The "tequila" crisis of two years ago affected Colombia sufficiently to modified publishing plans at TM. Pombo still d sn't see production and export levels of 1994 and 1995, but he reports that the recoveries in Venezuela, Mexico and Argentina have helped, and he looks to Central America as a promising new market.
"We are doing more joint publishing efforts with university presses, NGO's and government institutions," he says. "Our expertise helps them and our marketing emphasis is on university bookstores."
New projects this year at TM include a collection of works on the psychic and reason with Dolmen in Chile, a series on urban studies, and two books on political relations between Colombia and the USA commissioned by the Colombian Government.
Ediciones Monte Verde is the publishing arm of the Grupo Lerner, run by Jack and Dahlia Grimberg. "We used to do $4 million in printing in the USA," he says. "Now we do $6 million in publishing, so that is the side of the business we promote.

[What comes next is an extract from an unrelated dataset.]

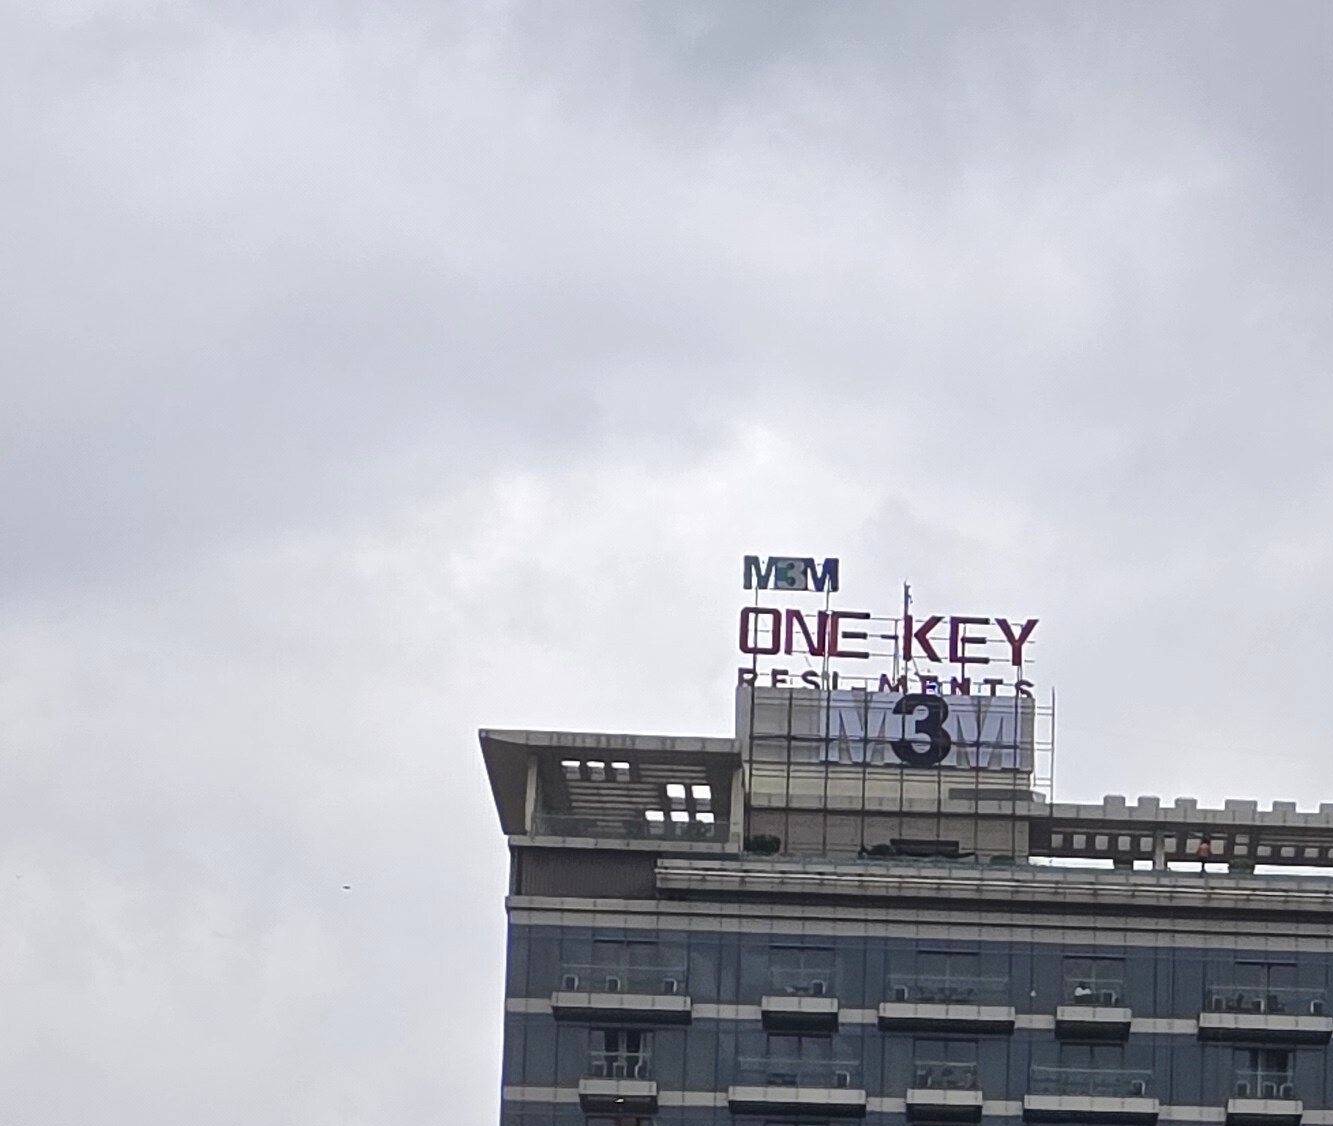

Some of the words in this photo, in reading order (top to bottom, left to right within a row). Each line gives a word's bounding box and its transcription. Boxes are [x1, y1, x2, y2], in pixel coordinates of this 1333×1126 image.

[743, 554, 840, 593] M3M
[739, 606, 871, 659] ONE
[902, 614, 1039, 666] KEY
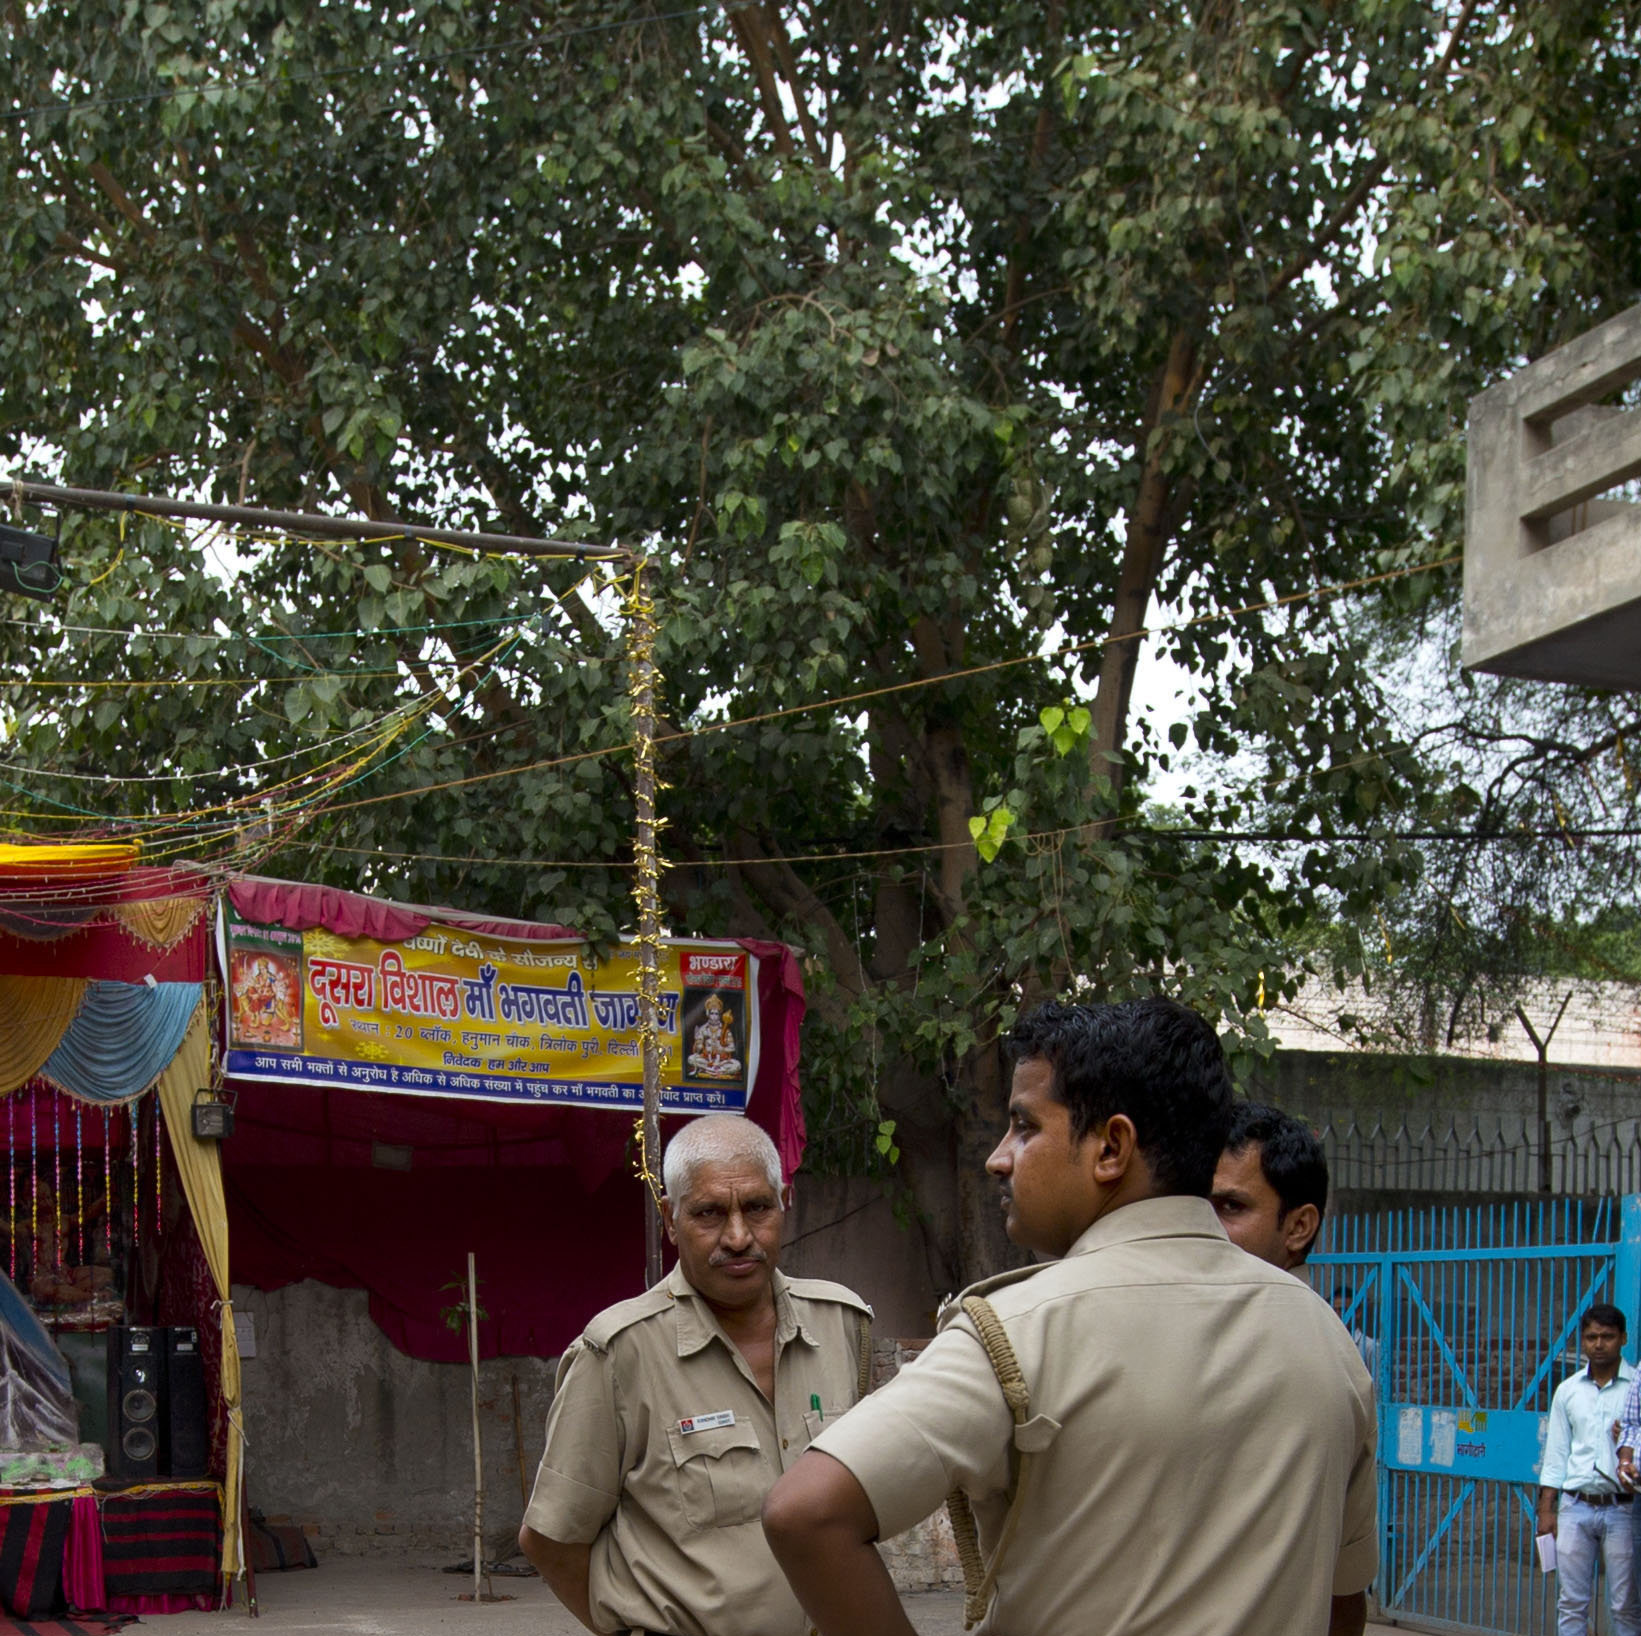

Their encyclopedia, dictionary and reference sets sell well throughout Latin America, most of them high quality four color offering, printed in the Lerner plant.
(Colombia's resources as a book printer to the world will be covered later this year in PW.)
English Language Books
Oswaldo Leun S. at Books&Books, a major English language book importer and distributor in Colombia, was part of a group of such companies, representatives of English language publishers, who put the English Language Pavillion together at the Bogota international book fair.
"We knew it would be an additional cost, but this is the best collection in English this fair has ever seen," the ten-year veteran Leun said enthusiastically. "We cover everything here from primary to University level."
There are 100 bilingual schools in Colombia, half of them in Bogota and all of them using imported teaching materials. While Books&Books reps much of the Cambridge University Press ESL materials, Leun admits that American publishers are more in demand. This is true all over Latin America. The trend is towards American English.